The Sun's coverage has been supportive of the UK's military interventions and the "War on Terror" more generally. On 18 December, 2008, an editorial piece "The Sun Says" titled "Job well done" declared "Britain is leaving Iraq with its head held very high" as well as "Through the commitment of Tony Blair and Gordon Brown to Iraq, we have shown that Britain DOES still have a major role to play in the world."[32]

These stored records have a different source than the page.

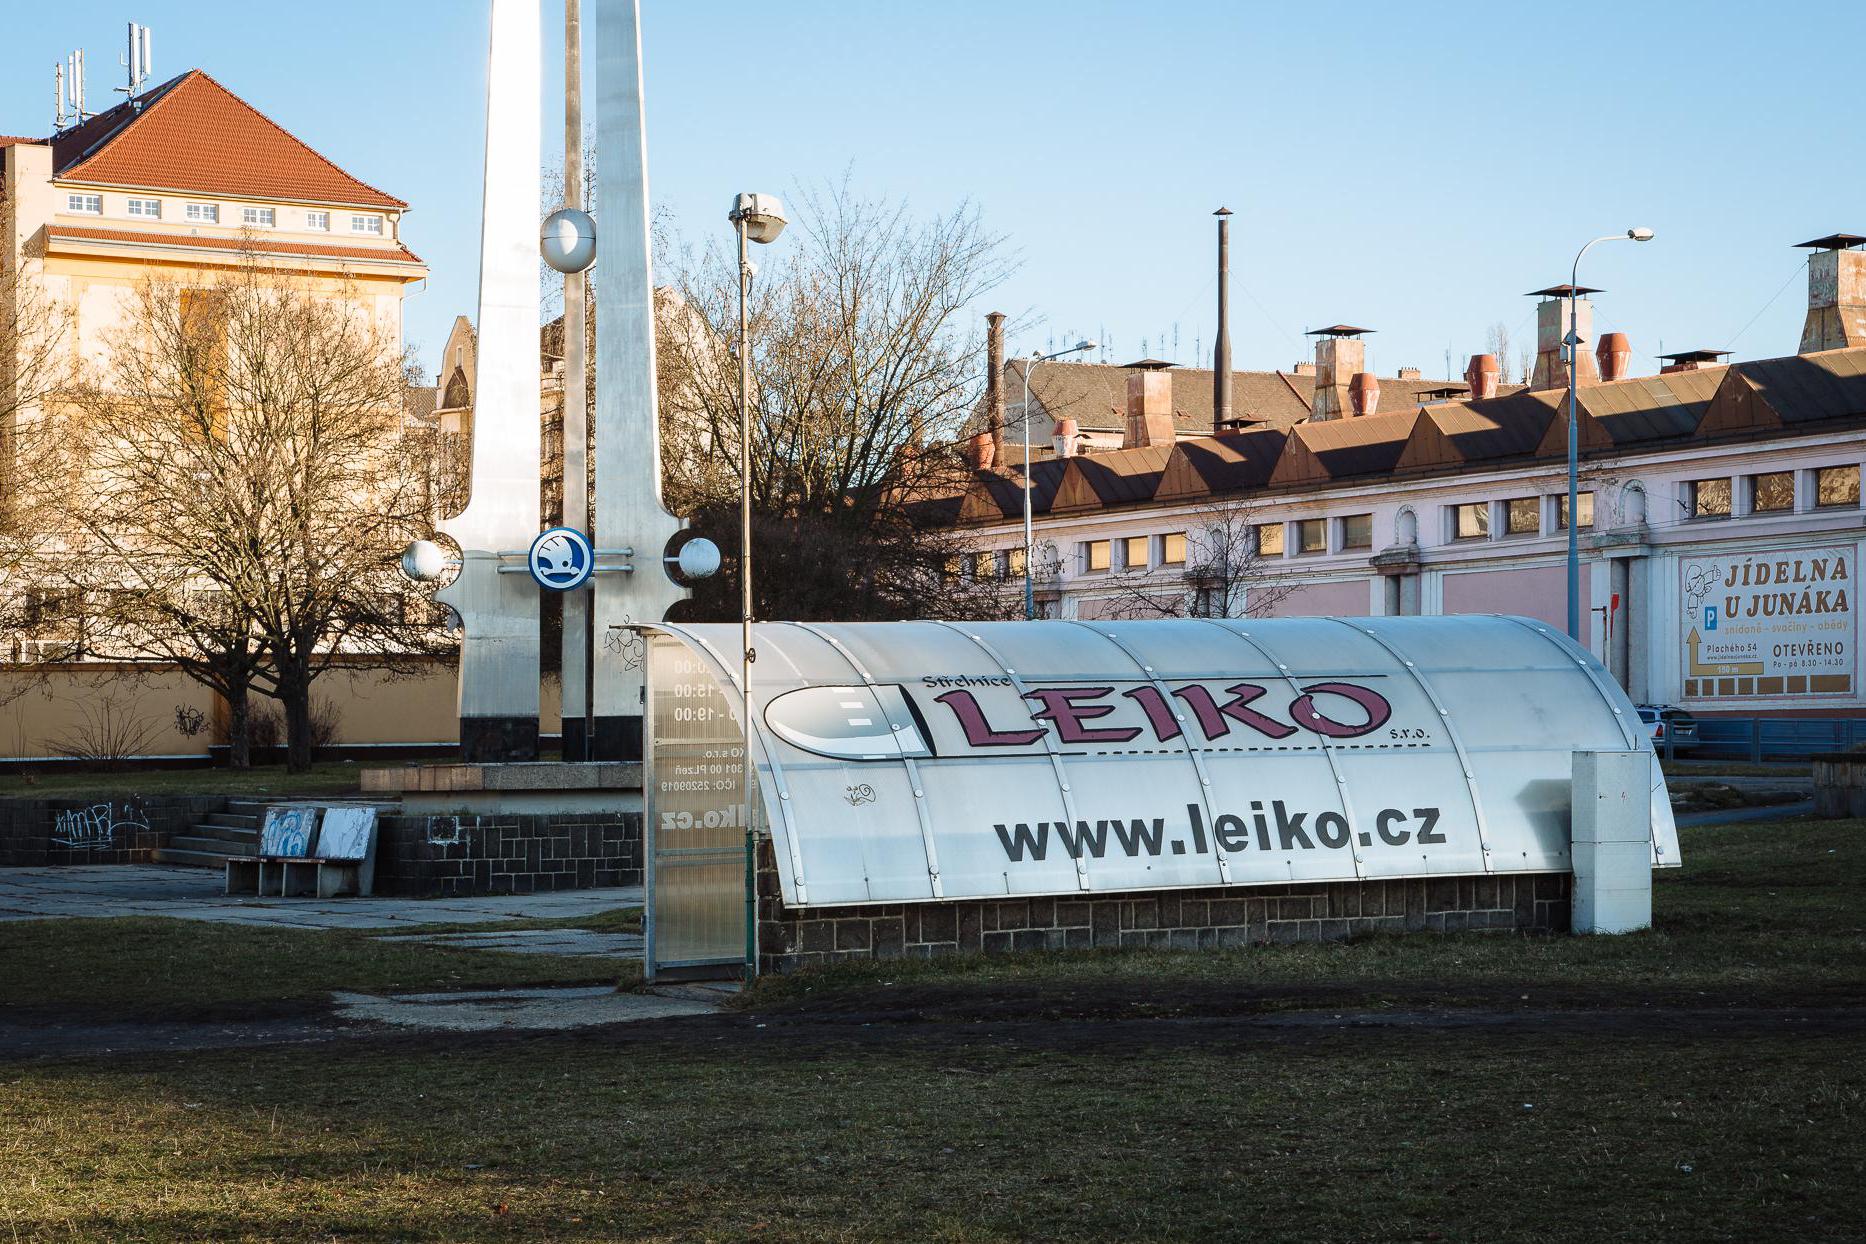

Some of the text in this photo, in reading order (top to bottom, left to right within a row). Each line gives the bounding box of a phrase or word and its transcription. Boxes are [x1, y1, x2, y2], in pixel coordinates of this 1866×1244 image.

[1724, 557, 1849, 588] JÍDELNA
[1725, 585, 1849, 618] U JUNÁKA
[1707, 610, 1715, 627] P
[1707, 643, 1757, 653] Plachého 54
[1773, 640, 1844, 658] OTEVŘENO
[1773, 660, 1782, 669] Po
[1824, 658, 1844, 667] 14.30
[921, 674, 1013, 689] Střelnice
[933, 682, 1430, 748] LEIKO s.r.o.
[993, 800, 1447, 862] www.leiko.cz

Rupert Murdoch, head of The Sun's parent company News Corporation, speaking at a 2007 meeting with the House of Lords Select Committee on Communications, which was investigating media ownership and the news, said that he acts as a "traditional proprietor". This means he exercises editorial control on major issues such as which political party to back in a general election or which policy to adopt on Europe.[33]

Awards

The Sun has been a regular winner at the British Press Awards.[34] Here is a list of winners since 2000[35]

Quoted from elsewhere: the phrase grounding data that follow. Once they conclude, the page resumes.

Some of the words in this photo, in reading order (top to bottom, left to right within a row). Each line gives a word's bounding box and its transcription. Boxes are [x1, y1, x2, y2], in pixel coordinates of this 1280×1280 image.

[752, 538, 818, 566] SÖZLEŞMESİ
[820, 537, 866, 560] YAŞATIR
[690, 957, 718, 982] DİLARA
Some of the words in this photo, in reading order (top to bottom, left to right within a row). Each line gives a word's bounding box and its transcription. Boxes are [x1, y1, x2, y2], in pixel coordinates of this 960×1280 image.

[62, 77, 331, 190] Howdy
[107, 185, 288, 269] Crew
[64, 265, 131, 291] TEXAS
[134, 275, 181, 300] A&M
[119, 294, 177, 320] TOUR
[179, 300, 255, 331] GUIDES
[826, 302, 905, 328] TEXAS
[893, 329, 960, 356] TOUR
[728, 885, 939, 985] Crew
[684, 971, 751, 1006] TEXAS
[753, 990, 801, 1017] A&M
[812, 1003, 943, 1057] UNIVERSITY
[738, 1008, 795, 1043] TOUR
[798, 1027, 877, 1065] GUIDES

2000 – Front Page of the Year (Solar eclipse); Cudlipp Award for excellence in tabloid journalism: John Perry, Neil Roberts, Phil Leach for Hold Ye Front Page;[36] Sports Photographer of the Year: Richard Pelham.

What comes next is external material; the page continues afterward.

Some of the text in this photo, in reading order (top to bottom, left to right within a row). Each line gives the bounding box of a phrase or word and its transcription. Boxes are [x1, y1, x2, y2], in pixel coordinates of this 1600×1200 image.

  • 2001–Front Page of the Year (I'm Only Here For De Beers); Reporter of the Year: John Kay.
  • 2002–Scoop of the Year: Briony Warden, Internet baby traders.
  • 2004 – Reporter of the Year: John Kay; Photographer of the Year: Terry Richards; Sports Reporter of the Year: Neil Custis.
  • 2005 – Front Page of the Year (Hutton Report Leaked); Reporter of the Year: Trevor Kavanagh; Cudlipp Award (Band Aid 20 campaign); Financial Journalist of the Year: Ian King; Cartoonist of the Year: Bill Caldwell.
  • 2006–Front Page of the Year (Harry The Nazi); Reporter of the Year: Oliver Harvey; Showbusiness Writer of the Year: Victoria Newton.
  • 2008–Reporter of the Year: Tom Newton Dunn; Scoop of the Year: Tom Newton-Dunn; Cudlipp Award (Help for Heroes campaign); Campaign of the Year (Help For Heroes).

Charity

The Band Aid 20 charity pop single, which raised around £3million for Africa after its release in 2004, was the idea of Sun executive Dominic Mohan, who persuaded Bob Geldof K.B.E. to become involved.[37] The paper gave the recording and release of the record blanket coverage in a campaign that won the paper a British Press Award in 2005. The single was a re-recording of Band Aid's 1984 original "Do They Know It's Christmas" and featured, among others, Bono, Sir Paul McCartney and members of Radiohead and Coldplay.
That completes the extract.